● **WORK ORDER**:
Return the records word for word. Pictures do not belong in the copy.

● **INPUT DATA**:
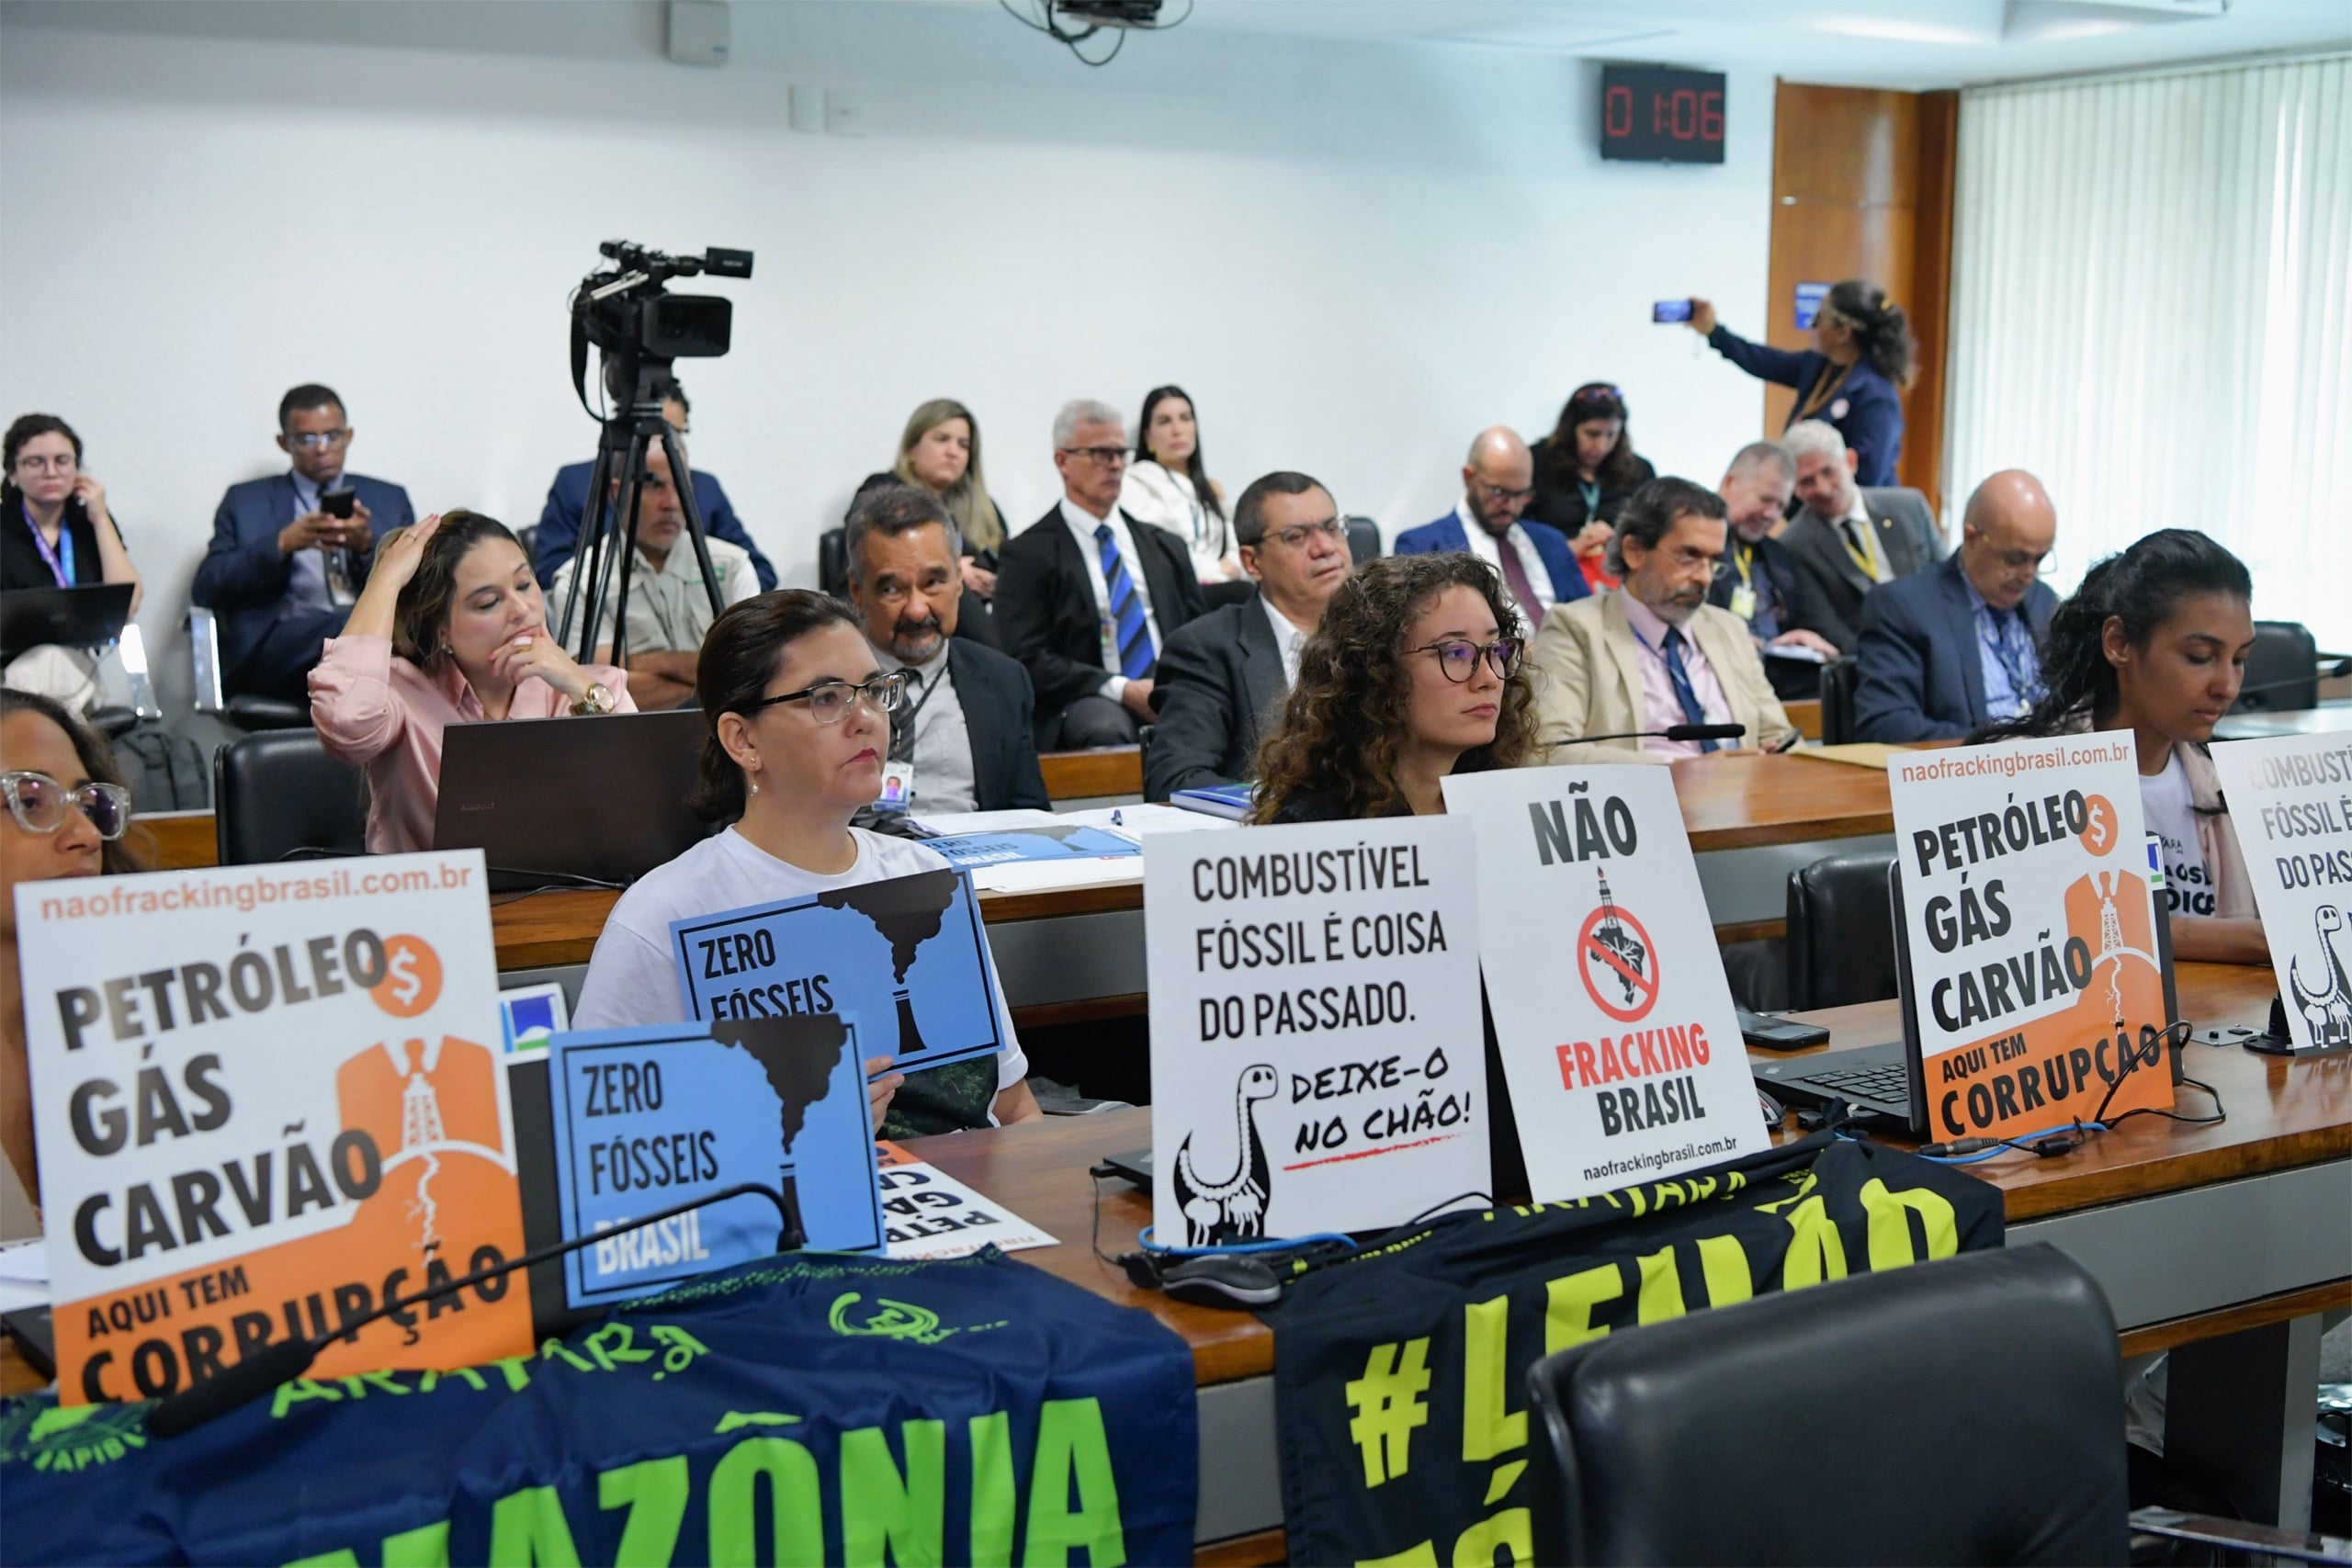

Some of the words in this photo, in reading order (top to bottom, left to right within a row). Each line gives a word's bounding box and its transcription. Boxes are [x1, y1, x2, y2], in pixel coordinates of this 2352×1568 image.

[1902, 743, 2129, 782] naofrackingbrasil.com.br
[1528, 782, 1638, 866] NÃO
[1913, 789, 2087, 877] PETRÓLEO
[2261, 801, 2343, 840] FÓSSIL
[41, 863, 471, 921] naofrackingbrasil.com.br
[1193, 841, 1430, 902] COMBUSTÍVEL
[2276, 854, 2311, 890] DO
[2311, 850, 2352, 886] PAS
[1196, 919, 1316, 972] FÓSSIL
[1326, 912, 1341, 961] É
[1351, 910, 1447, 959] COISA
[1924, 872, 2012, 953] GÁS
[698, 929, 775, 979] ZERO
[1931, 929, 2093, 1033] CARVÃO
[54, 928, 388, 1052] PETRÓLEO
[710, 975, 833, 1021] FÓSSEIS
[1200, 993, 1244, 1042] DO
[1255, 981, 1416, 1037] PASSADO.
[1291, 1047, 1450, 1104] DEIXE-O
[1555, 1022, 1711, 1090] FRACKING
[1940, 1018, 2161, 1136] CORRUPÇÃO
[1941, 1046, 1987, 1083] AQUI
[1990, 1033, 2027, 1060] TEM
[69, 1043, 233, 1157] GÁS
[582, 1060, 662, 1119] ZERO
[1598, 1076, 1706, 1138] BRASIL
[1295, 1114, 1346, 1155] NO
[1363, 1091, 1471, 1140] CHÃO!
[589, 1131, 719, 1196] FÓSSEIS
[1583, 1137, 1738, 1182] naofrackingbrasil.com.br
[73, 1119, 382, 1269] CARVÃO
[883, 1191, 963, 1219] GÁ
[594, 1209, 710, 1276] BRASIL
[87, 1288, 172, 1338] AQUI
[179, 1265, 251, 1310] TEM
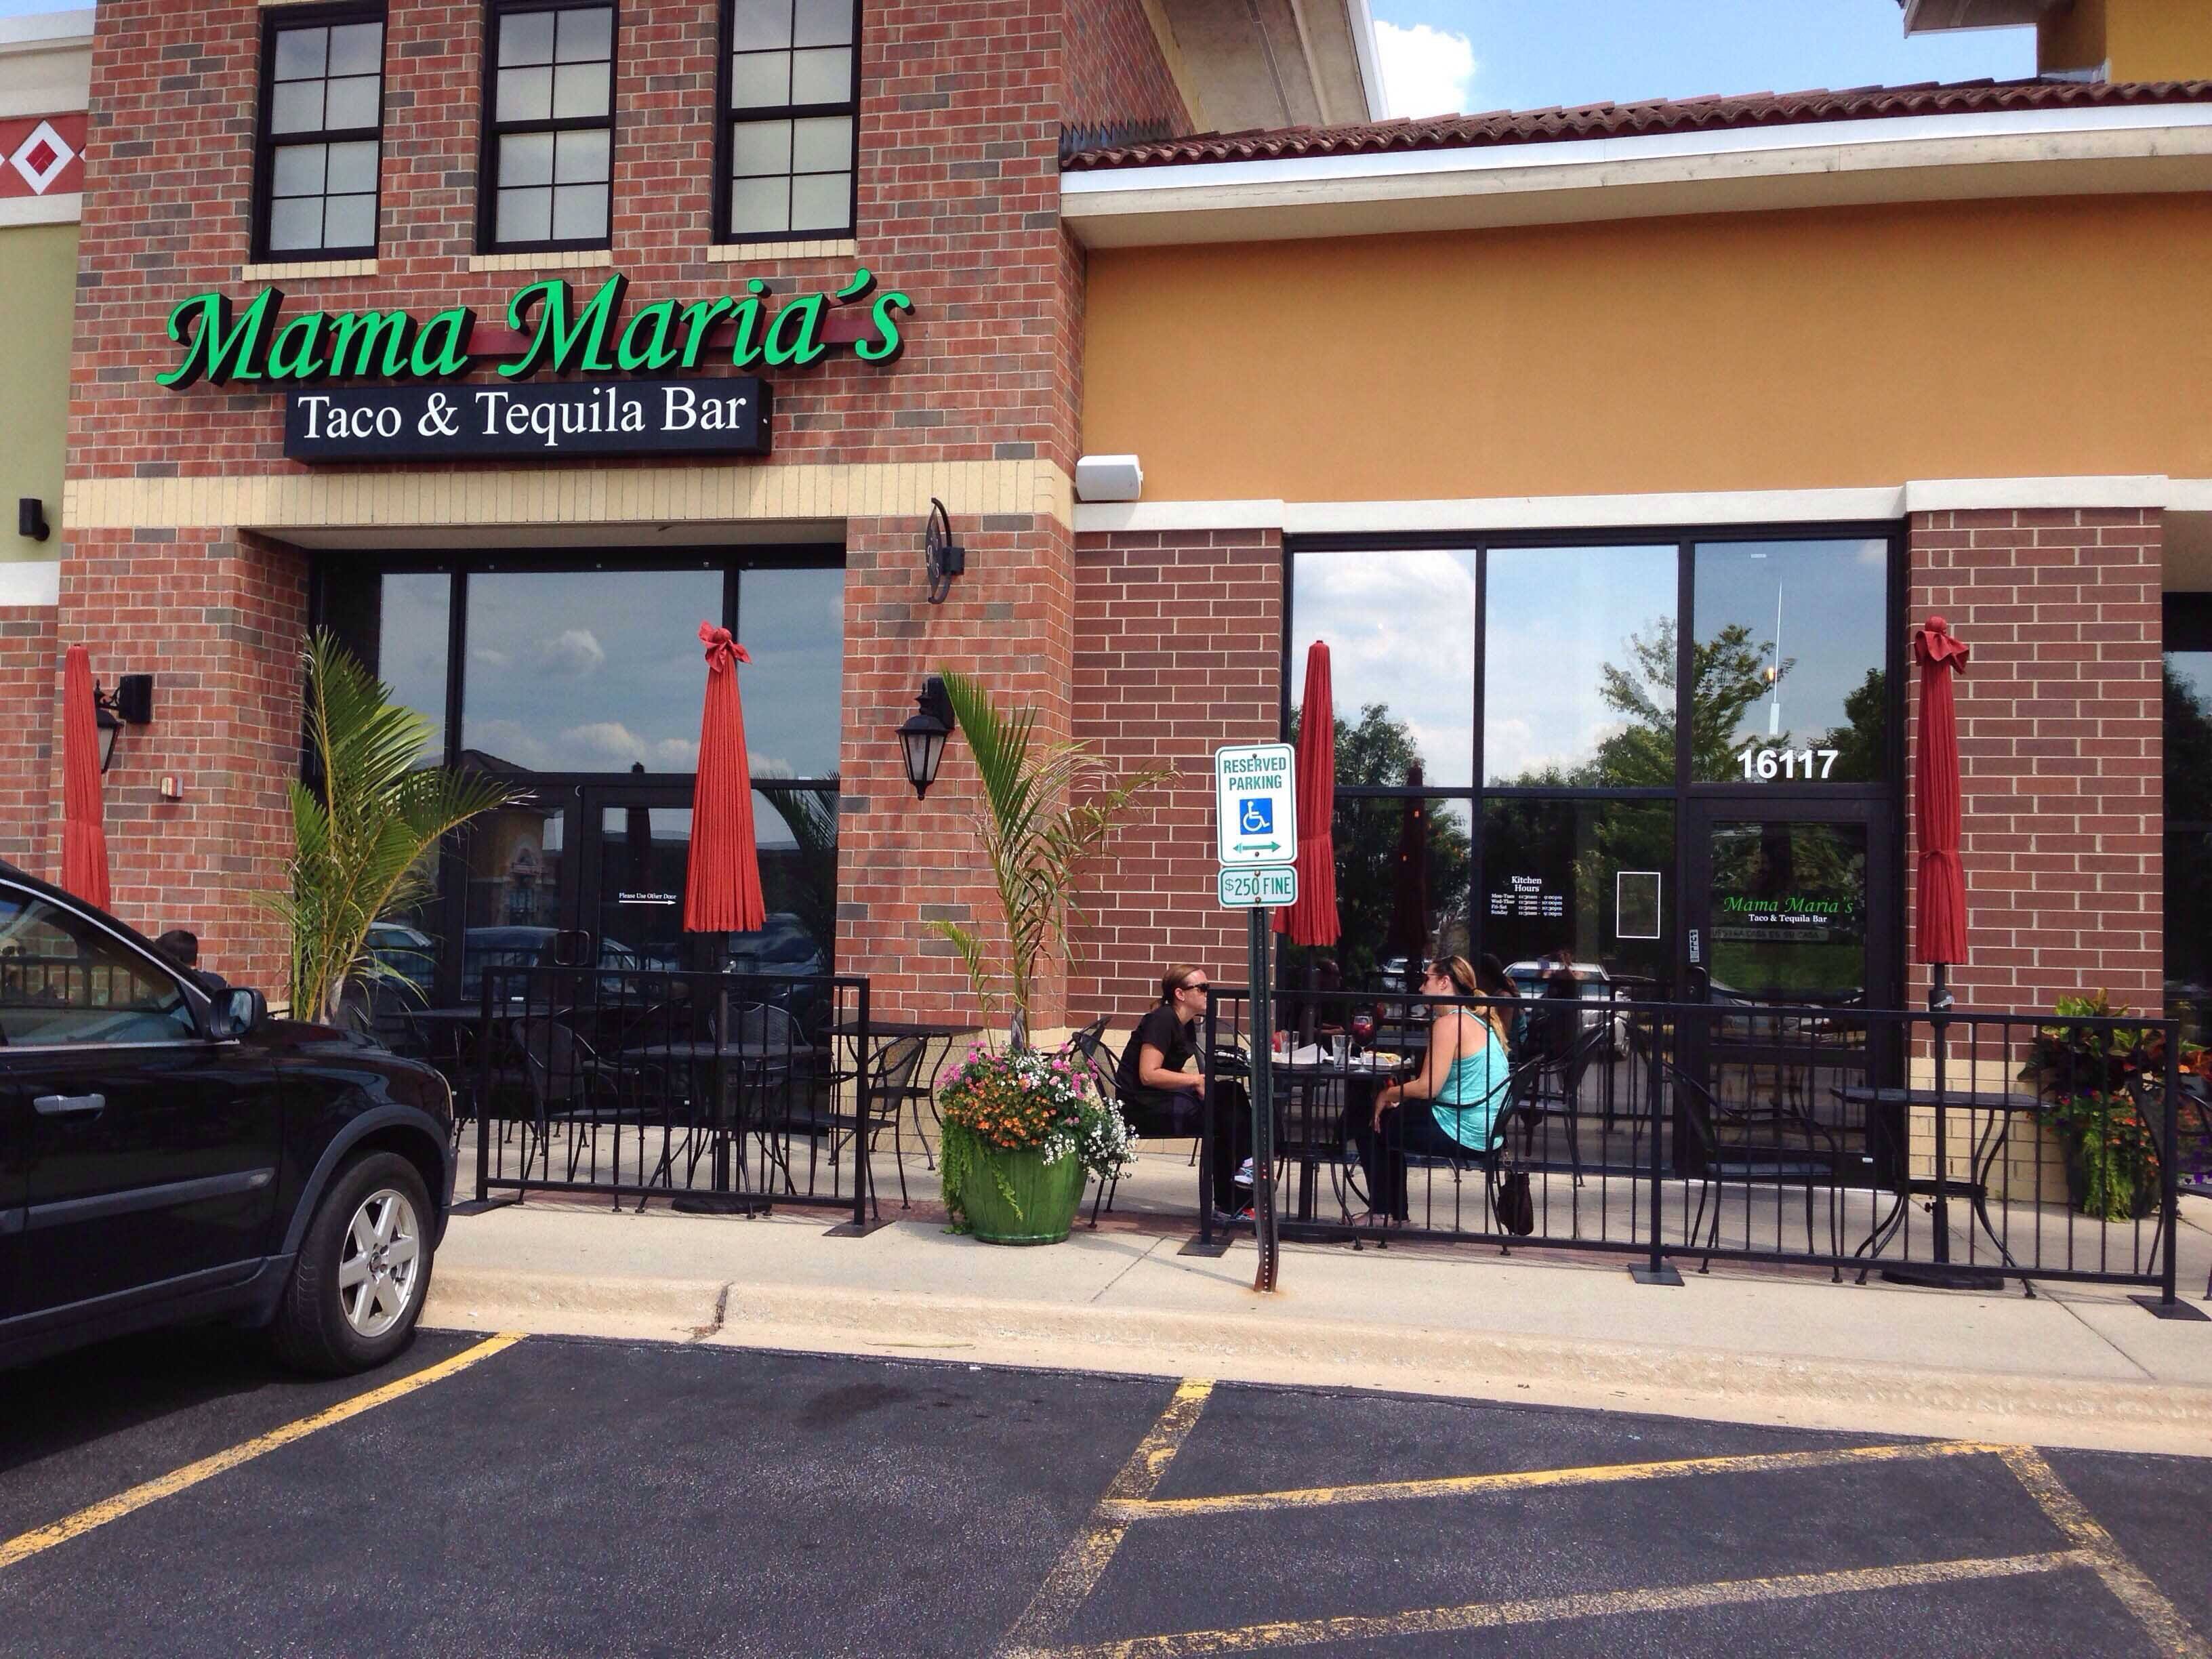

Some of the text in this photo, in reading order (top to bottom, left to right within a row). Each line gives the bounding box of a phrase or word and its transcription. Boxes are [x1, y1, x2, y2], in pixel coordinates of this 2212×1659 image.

[156, 268, 912, 386] Mama Maria's
[298, 386, 747, 447] Taco & Tequila Bar
[1223, 757, 1286, 774] RESERVED
[1738, 750, 1839, 779] 16117
[1229, 775, 1282, 791] PARKING
[1225, 876, 1291, 896] $250 FINE
[1511, 876, 1542, 884] Kitchen
[1515, 884, 1540, 892] Hours
[1723, 897, 1853, 914] Mama Maria's
[1748, 914, 1828, 924] Taco & Tequila Bar

● **TASK ANSWER**:
Some of the words in this photo, in reading order (top to bottom, left to right within a row). Each line gives a word's bounding box and its transcription. Boxes are [x1, y1, x2, y2], in pixel coordinates of this 2352×1568 image.

[1902, 743, 2129, 782] naofrackingbrasil.com.br
[1528, 782, 1638, 866] NÃO
[1913, 789, 2087, 877] PETRÓLEO
[2261, 801, 2343, 840] FÓSSIL
[41, 863, 471, 921] naofrackingbrasil.com.br
[1193, 841, 1430, 902] COMBUSTÍVEL
[2276, 854, 2311, 890] DO
[2311, 850, 2352, 886] PAS
[1196, 919, 1316, 972] FÓSSIL
[1326, 912, 1341, 961] É
[1351, 910, 1447, 959] COISA
[1924, 872, 2012, 953] GÁS
[698, 929, 775, 979] ZERO
[1931, 929, 2093, 1033] CARVÃO
[54, 928, 388, 1052] PETRÓLEO
[710, 975, 833, 1021] FÓSSEIS
[1200, 993, 1244, 1042] DO
[1255, 981, 1416, 1037] PASSADO.
[1291, 1047, 1450, 1104] DEIXE-O
[1555, 1022, 1711, 1090] FRACKING
[1940, 1018, 2161, 1136] CORRUPÇÃO
[1941, 1046, 1987, 1083] AQUI
[1990, 1033, 2027, 1060] TEM
[69, 1043, 233, 1157] GÁS
[582, 1060, 662, 1119] ZERO
[1598, 1076, 1706, 1138] BRASIL
[1295, 1114, 1346, 1155] NO
[1363, 1091, 1471, 1140] CHÃO!
[589, 1131, 719, 1196] FÓSSEIS
[1583, 1137, 1738, 1182] naofrackingbrasil.com.br
[73, 1119, 382, 1269] CARVÃO
[883, 1191, 963, 1219] GÁ
[594, 1209, 710, 1276] BRASIL
[87, 1288, 172, 1338] AQUI
[179, 1265, 251, 1310] TEM

Some of the text in this photo, in reading order (top to bottom, left to right within a row). Each line gives the bounding box of a phrase or word and its transcription. Boxes are [x1, y1, x2, y2], in pixel coordinates of this 2212×1659 image.

[156, 268, 912, 386] Mama Maria's
[298, 386, 747, 447] Taco & Tequila Bar
[1223, 757, 1286, 774] RESERVED
[1738, 750, 1839, 779] 16117
[1229, 775, 1282, 791] PARKING
[1225, 876, 1291, 896] $250 FINE
[1511, 876, 1542, 884] Kitchen
[1515, 884, 1540, 892] Hours
[1723, 897, 1853, 914] Mama Maria's
[1748, 914, 1828, 924] Taco & Tequila Bar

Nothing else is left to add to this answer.